What to produce —
Give the listing again exactly, omitting its images.

Records provided —
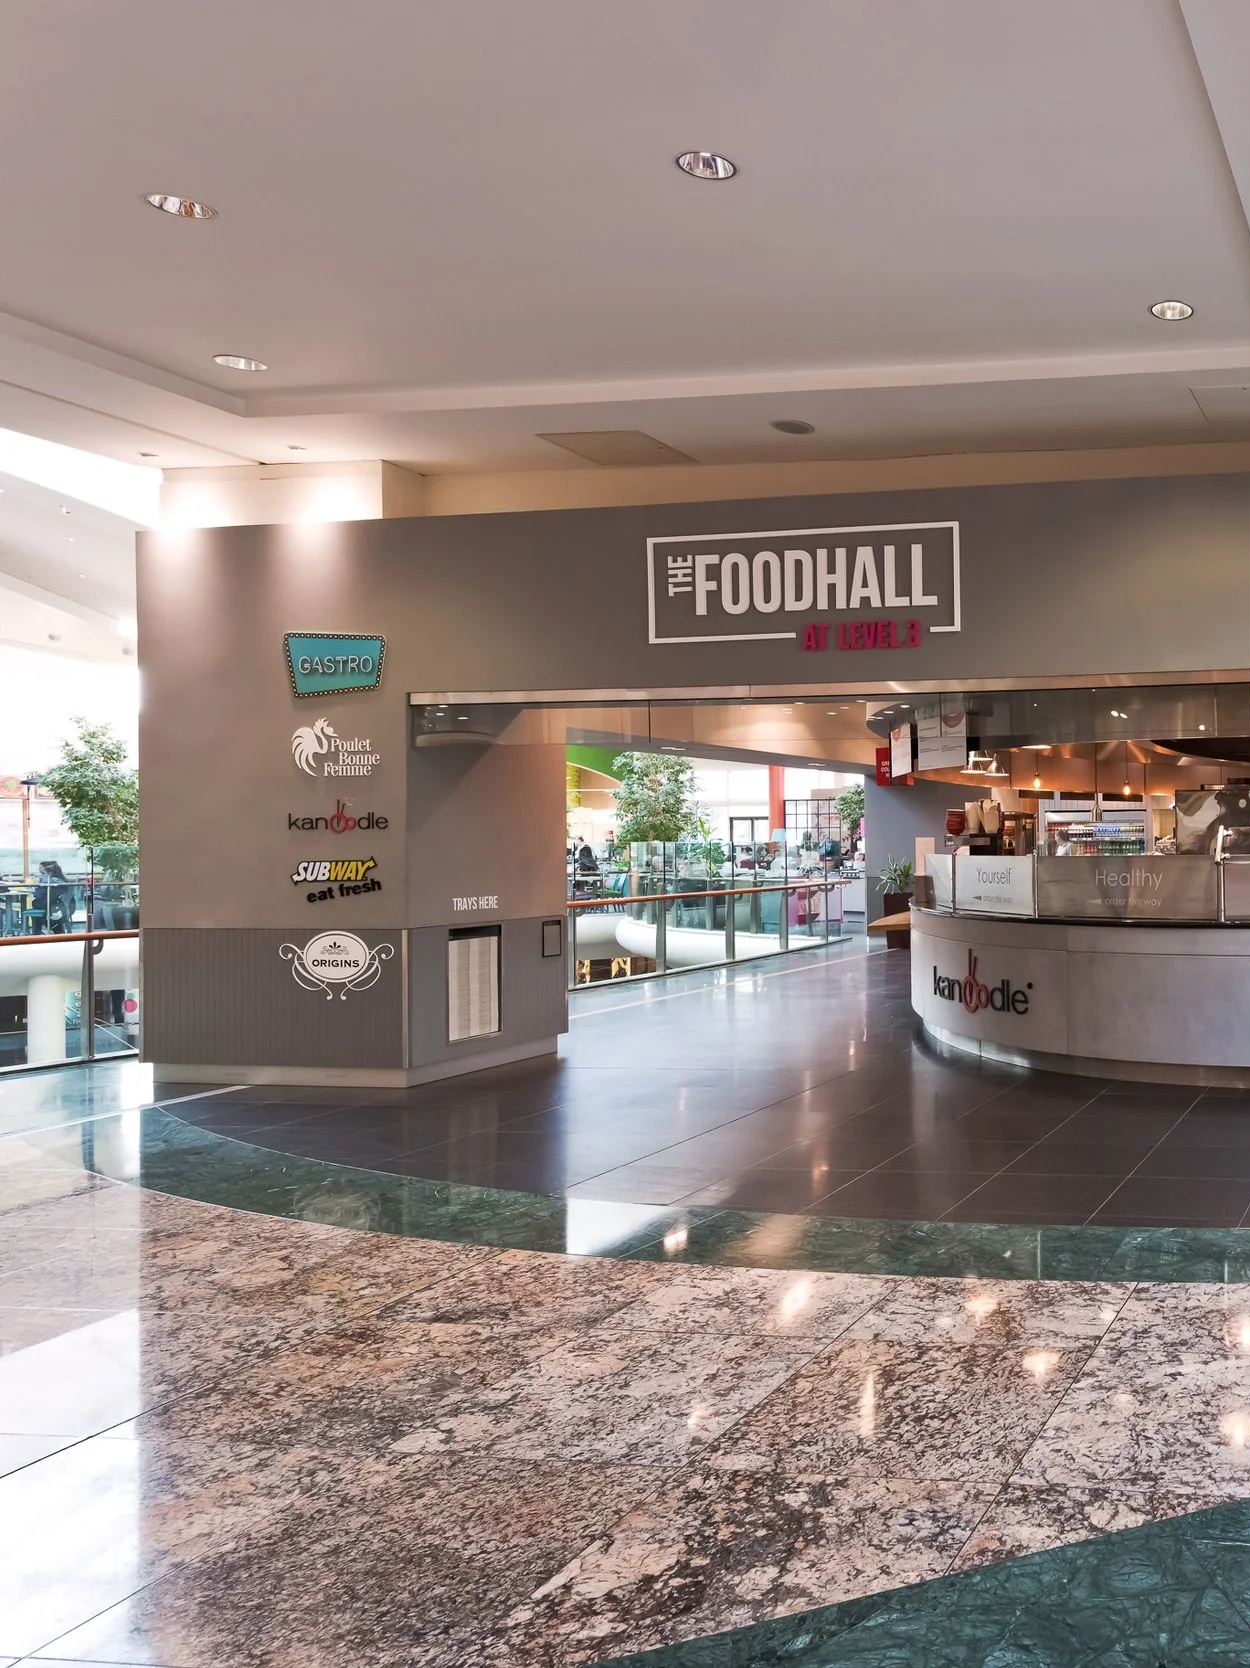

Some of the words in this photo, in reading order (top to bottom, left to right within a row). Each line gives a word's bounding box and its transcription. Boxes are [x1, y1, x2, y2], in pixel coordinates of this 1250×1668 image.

[667, 554, 694, 597] THE
[694, 543, 938, 616] FOODHALL
[803, 623, 832, 651] AT
[838, 620, 904, 650] LEVEL
[908, 619, 921, 648] 3
[298, 655, 373, 674] GASTRO
[330, 737, 372, 752] Poulet
[339, 752, 380, 765] Bonne
[323, 762, 372, 777] Femme
[288, 809, 389, 834] kanoodle
[291, 856, 377, 885] SUBWAY
[976, 867, 1013, 886] Yourself
[1095, 868, 1163, 891] Healthy
[307, 887, 335, 903] eat
[452, 896, 478, 911] TRAYS
[478, 895, 498, 909] HERE
[1104, 897, 1126, 905] order
[1143, 898, 1162, 908] way
[311, 959, 360, 969] ORIGINS
[933, 960, 1030, 1015] kanoodle
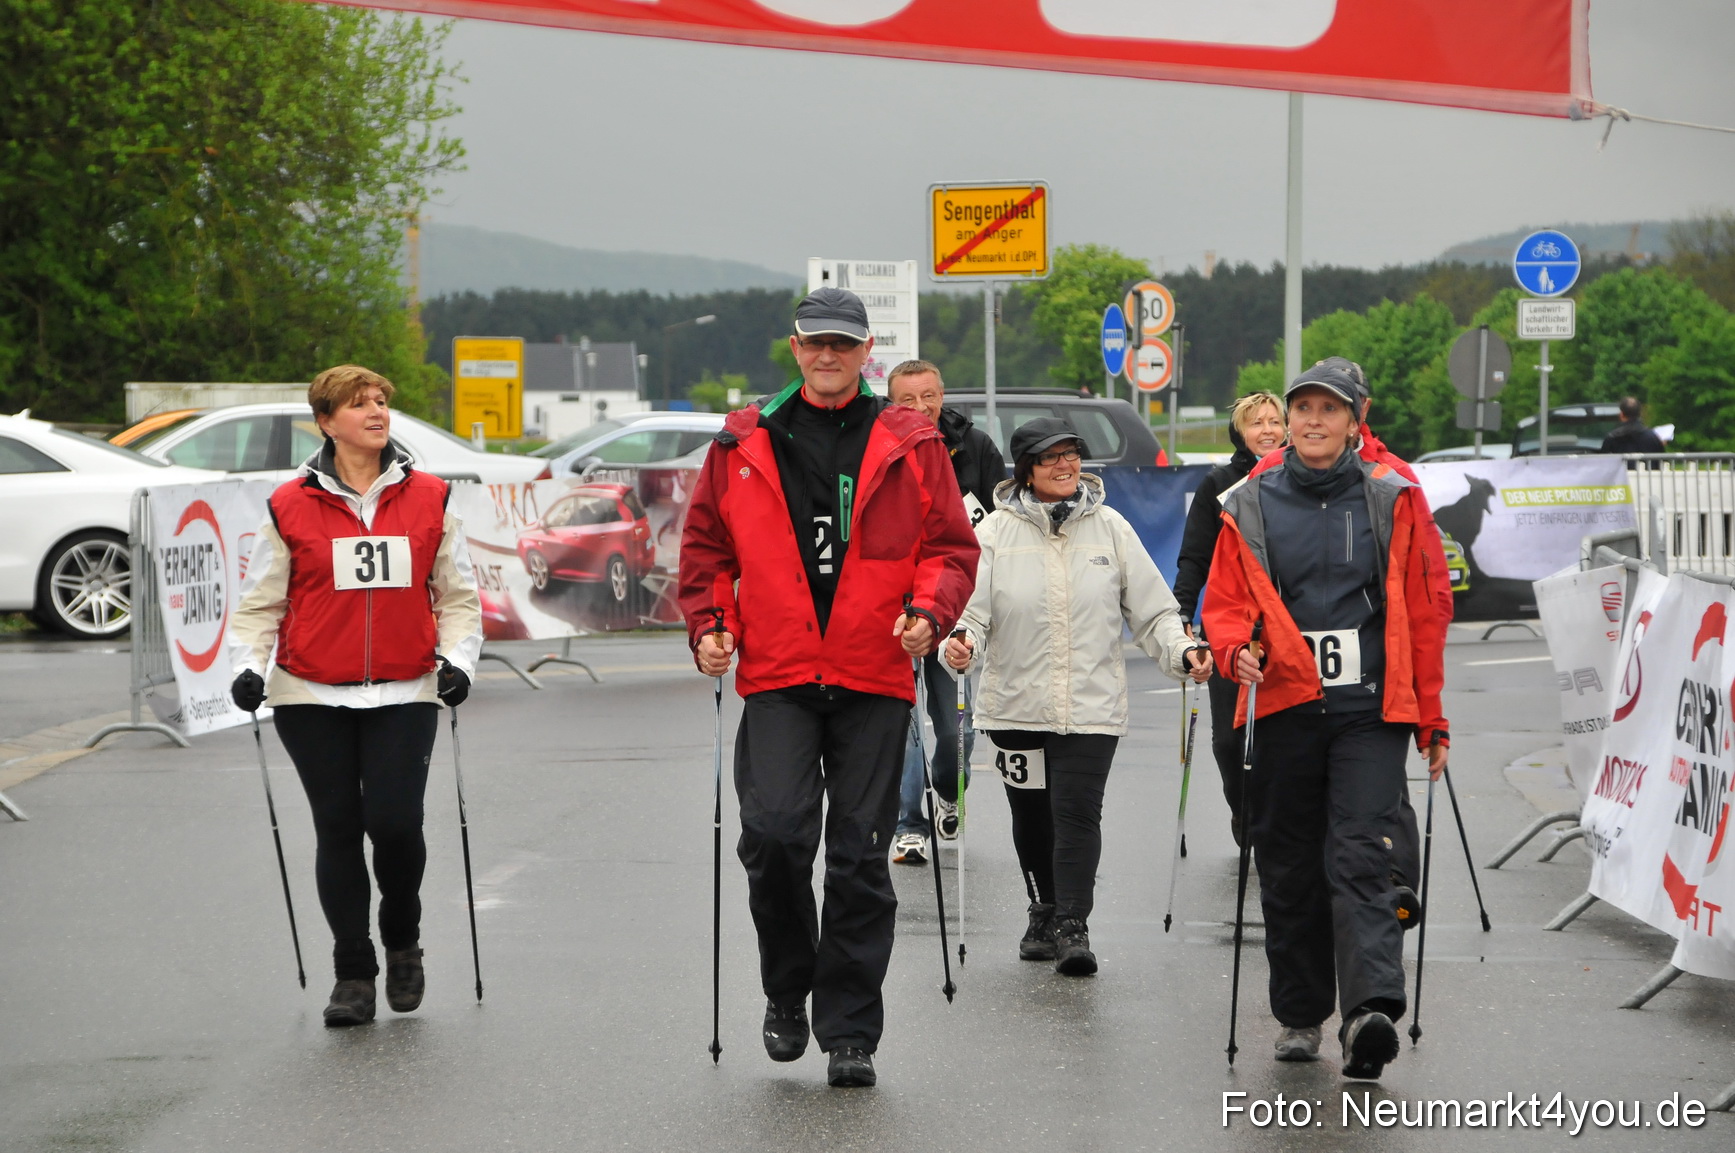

The completed task —
Some of the words in this photo, in reading order (top to bottom, left to right within a row). Each line gives a word's bounding box and its transcription. Boxes are [x1, y1, x2, y2], in pixel coordinates of this 1250×1668 image.

[667, 554, 694, 597] THE
[694, 543, 938, 616] FOODHALL
[803, 623, 832, 651] AT
[838, 620, 904, 650] LEVEL
[908, 619, 921, 648] 3
[298, 655, 373, 674] GASTRO
[330, 737, 372, 752] Poulet
[339, 752, 380, 765] Bonne
[323, 762, 372, 777] Femme
[288, 809, 389, 834] kanoodle
[291, 856, 377, 885] SUBWAY
[976, 867, 1013, 886] Yourself
[1095, 868, 1163, 891] Healthy
[307, 887, 335, 903] eat
[452, 896, 478, 911] TRAYS
[478, 895, 498, 909] HERE
[1104, 897, 1126, 905] order
[1143, 898, 1162, 908] way
[311, 959, 360, 969] ORIGINS
[933, 960, 1030, 1015] kanoodle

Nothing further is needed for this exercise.